Tiga Jalan Hidup: Dua Jalan Hidup Manusia (Bagian 4 dari 6 Tulisan)
Manusia, pada dasarnya, religius. Melekat pada dirinya suatu kerinduan
untuk bersekutu dengan Khaliknya dan menikmati kehidupan yang harmonis dengan
Dia. "Jauh di dalam lubuk hati manusia," kata A.W. Tozer, "ada
suatu relung yang hanya patut ditempati oleh Allah." Persekutuan dengan
Allah ini vital bagi manusia karena "dalam Dia ada hidup" (Yohanes
1:4) dan "di dalam Dia kita hidup, kita bergerak, kita ada" (Kisah
Para Rasul 17:28).
Ketika manusia jatuh ke dalam dosa, kerinduan manusia akan Allah tetap
berdenyut dalam seluruh keberadaan dirinya. Akan tetapi, manusia telah mengalami kematian
rohani dan kehilangan kemuliaan Allah. Ia kehilangan kapasitas untuk mendekati
Allah karena "Allah itu Roh dan barangsiapa menyembah Dia, harus
menyembah-Nya dalam roh dan kebenaran" (Yohanes 4:24). Dan, seperti
diamati oleh G.K. Chesterton, sewaktu orang berhenti percaya kepada Allah yang
benar, bukan berarti ia berhenti percaya. Sebaliknya, ia akan mulai mempercayai
segala sesuatu yang lain, kendatipun itu adalah kebodohan.
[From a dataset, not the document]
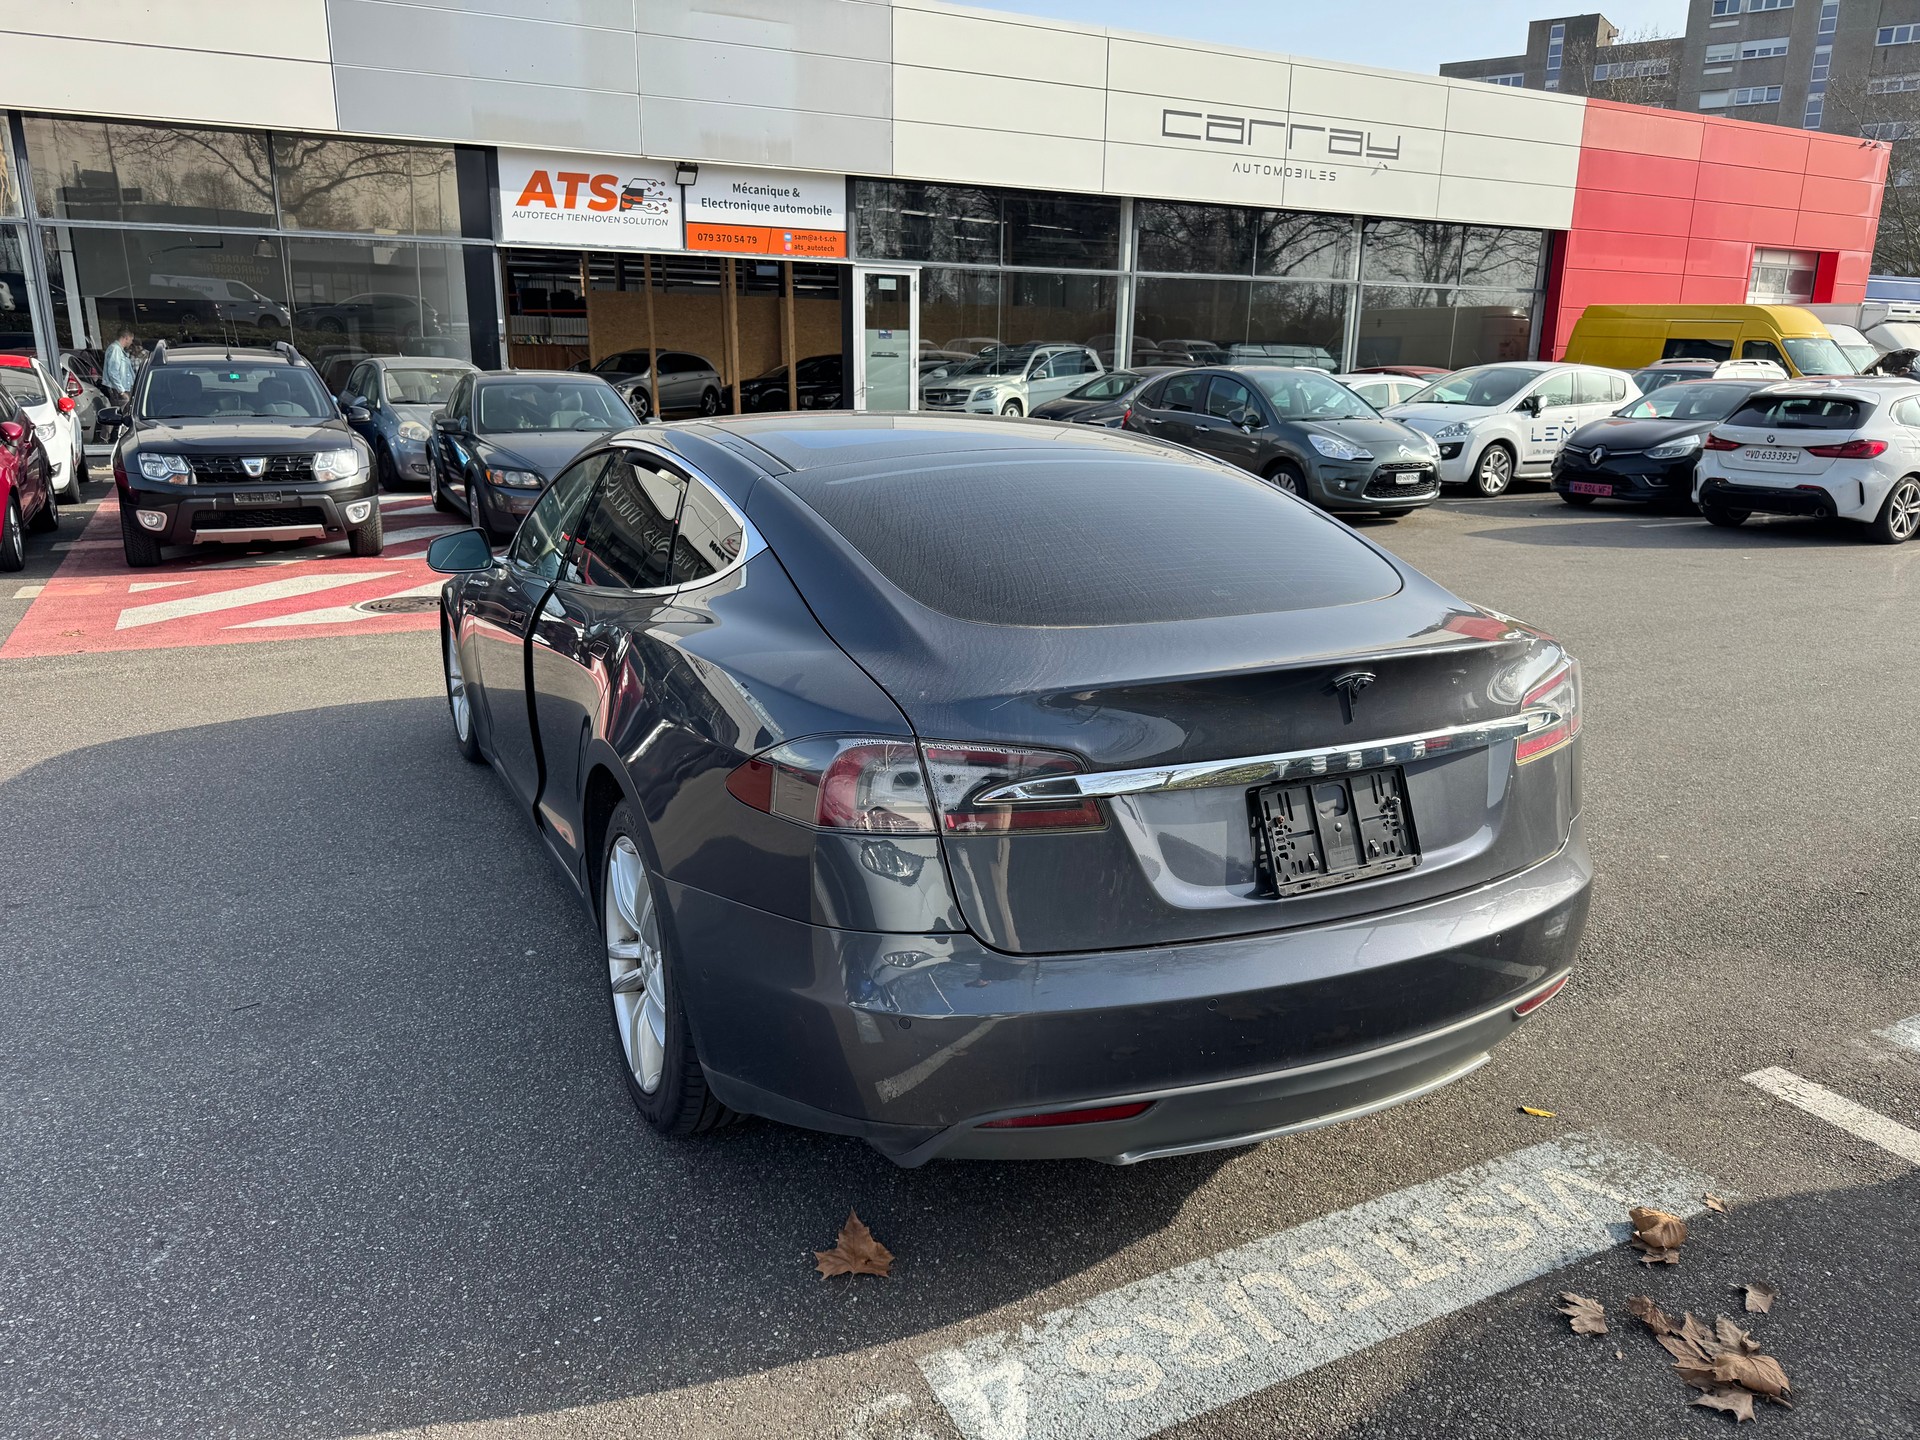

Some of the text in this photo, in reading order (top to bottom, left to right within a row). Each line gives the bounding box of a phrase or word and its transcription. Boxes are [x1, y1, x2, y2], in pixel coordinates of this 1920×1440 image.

Kepercayaan yang
rusak ini secara garis besar terekspresi di dalam dua jalan hidup manusia.
Pertama, jalan imoralitas. Manusia
mengungkapkan pemberontakannya terhadap Allah dengan melakukan tindak
kejahatan. Ketika manusia jatuh ke dalam dosa di Taman Eden, salah satu akibat
pertama yang terjadi ialah ia membenci sesamanya (Kejadian 3:12). Kemudian,
keturunan Adam dan Hawa membunuh saudaranya sendiri (Kejadian 4:8).
Selanjutnya, manusia terseret ke dalam berbagai tindak kejahatan yang memilukan
hati Allah. Singkatnya, “segala kecenderungan hatinya selalu membuahkan
kejahatan semata-mata” (Kejadian 6:5; bandingkan dengan Roma 3:10-18).
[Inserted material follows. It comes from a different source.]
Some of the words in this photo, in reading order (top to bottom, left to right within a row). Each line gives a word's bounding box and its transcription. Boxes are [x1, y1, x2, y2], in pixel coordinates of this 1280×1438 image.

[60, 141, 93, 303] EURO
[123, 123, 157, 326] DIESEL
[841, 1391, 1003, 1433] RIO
Kedua, jalan moralitas. Ketika
jatuh ke dalam dosa manusia tersadar akan ketelanjangannya, dan berusaha
menutupi ketelanjangan itu dengan mengenakan cawat dari daun pohon ara
(Kejadian 3:7). Manusia mencoba menutupi pelanggaran dengan upaya mereka
sendiri. Manusia berusaha menebus kesalahan dengan kekuatan sendiri. Manusia
hendak menjadi juruselamat atas dosanya sendiri. Dalam perkembangannya,
mekanisme pembenaran diri manusia ini melahirkan berbagai bentuk agama dan
tatanan moral. Dengan menaati hukum-hukum agama dan moralitas, manusia berharap
akan mendapatkan jalan kembali kepada Allah.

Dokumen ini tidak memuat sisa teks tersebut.